Source information:

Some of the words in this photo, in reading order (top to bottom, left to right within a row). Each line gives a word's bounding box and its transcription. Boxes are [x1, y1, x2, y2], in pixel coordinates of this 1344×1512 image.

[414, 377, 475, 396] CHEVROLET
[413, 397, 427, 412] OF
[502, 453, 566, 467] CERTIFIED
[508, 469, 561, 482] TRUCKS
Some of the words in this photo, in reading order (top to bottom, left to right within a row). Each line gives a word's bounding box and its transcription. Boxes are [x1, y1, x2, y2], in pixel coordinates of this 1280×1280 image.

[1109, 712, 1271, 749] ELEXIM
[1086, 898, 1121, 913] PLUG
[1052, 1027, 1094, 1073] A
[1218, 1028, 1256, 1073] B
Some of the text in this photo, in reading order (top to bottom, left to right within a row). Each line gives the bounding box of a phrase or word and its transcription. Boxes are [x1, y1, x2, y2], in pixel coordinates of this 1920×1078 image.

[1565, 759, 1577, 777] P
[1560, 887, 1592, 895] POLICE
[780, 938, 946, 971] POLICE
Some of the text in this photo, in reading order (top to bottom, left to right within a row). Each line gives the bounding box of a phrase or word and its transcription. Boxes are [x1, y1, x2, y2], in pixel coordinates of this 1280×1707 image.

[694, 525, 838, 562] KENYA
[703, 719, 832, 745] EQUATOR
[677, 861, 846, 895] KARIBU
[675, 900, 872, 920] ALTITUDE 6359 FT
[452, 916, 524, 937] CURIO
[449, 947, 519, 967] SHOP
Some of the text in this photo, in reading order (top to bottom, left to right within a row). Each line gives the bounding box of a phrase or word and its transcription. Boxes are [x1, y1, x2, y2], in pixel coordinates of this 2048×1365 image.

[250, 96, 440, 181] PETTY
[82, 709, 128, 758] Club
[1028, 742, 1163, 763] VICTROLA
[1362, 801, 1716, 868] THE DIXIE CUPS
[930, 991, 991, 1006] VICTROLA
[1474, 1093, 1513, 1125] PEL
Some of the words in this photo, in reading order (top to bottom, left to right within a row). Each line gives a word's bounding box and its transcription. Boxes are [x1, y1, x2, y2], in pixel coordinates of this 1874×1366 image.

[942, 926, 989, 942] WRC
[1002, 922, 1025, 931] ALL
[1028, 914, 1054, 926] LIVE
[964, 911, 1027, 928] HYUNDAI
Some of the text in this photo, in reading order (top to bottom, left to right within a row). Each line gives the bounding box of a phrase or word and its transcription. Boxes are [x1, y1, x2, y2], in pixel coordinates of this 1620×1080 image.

Directions for this task:
Each entry above needs to be returned exactly as written.

Exercise result:
Some of the words in this photo, in reading order (top to bottom, left to right within a row). Each line gives a word's bounding box and its transcription. Boxes are [x1, y1, x2, y2], in pixel coordinates of this 1344×1512 image.

[414, 377, 475, 396] CHEVROLET
[413, 397, 427, 412] OF
[502, 453, 566, 467] CERTIFIED
[508, 469, 561, 482] TRUCKS
Some of the words in this photo, in reading order (top to bottom, left to right within a row). Each line gives a word's bounding box and its transcription. Boxes are [x1, y1, x2, y2], in pixel coordinates of this 1280×1280 image.

[1109, 712, 1271, 749] ELEXIM
[1086, 898, 1121, 913] PLUG
[1052, 1027, 1094, 1073] A
[1218, 1028, 1256, 1073] B
Some of the text in this photo, in reading order (top to bottom, left to right within a row). Each line gives the bounding box of a phrase or word and its transcription. Boxes are [x1, y1, x2, y2], in pixel coordinates of this 1920×1078 image.

[1565, 759, 1577, 777] P
[1560, 887, 1592, 895] POLICE
[780, 938, 946, 971] POLICE
Some of the text in this photo, in reading order (top to bottom, left to right within a row). Each line gives the bounding box of a phrase or word and its transcription. Boxes are [x1, y1, x2, y2], in pixel coordinates of this 1280×1707 image.

[694, 525, 838, 562] KENYA
[703, 719, 832, 745] EQUATOR
[677, 861, 846, 895] KARIBU
[675, 900, 872, 920] ALTITUDE 6359 FT
[452, 916, 524, 937] CURIO
[449, 947, 519, 967] SHOP
Some of the text in this photo, in reading order (top to bottom, left to right within a row). Each line gives the bounding box of a phrase or word and its transcription. Boxes are [x1, y1, x2, y2], in pixel coordinates of this 2048×1365 image.

[250, 96, 440, 181] PETTY
[82, 709, 128, 758] Club
[1028, 742, 1163, 763] VICTROLA
[1362, 801, 1716, 868] THE DIXIE CUPS
[930, 991, 991, 1006] VICTROLA
[1474, 1093, 1513, 1125] PEL
Some of the words in this photo, in reading order (top to bottom, left to right within a row). Each line gives a word's bounding box and its transcription. Boxes are [x1, y1, x2, y2], in pixel coordinates of this 1874×1366 image.

[942, 926, 989, 942] WRC
[1002, 922, 1025, 931] ALL
[1028, 914, 1054, 926] LIVE
[964, 911, 1027, 928] HYUNDAI
Some of the text in this photo, in reading order (top to bottom, left to right within a row). Each line gives the bounding box of a phrase or word and its transcription. Boxes are [x1, y1, x2, y2], in pixel coordinates of this 1620×1080 image.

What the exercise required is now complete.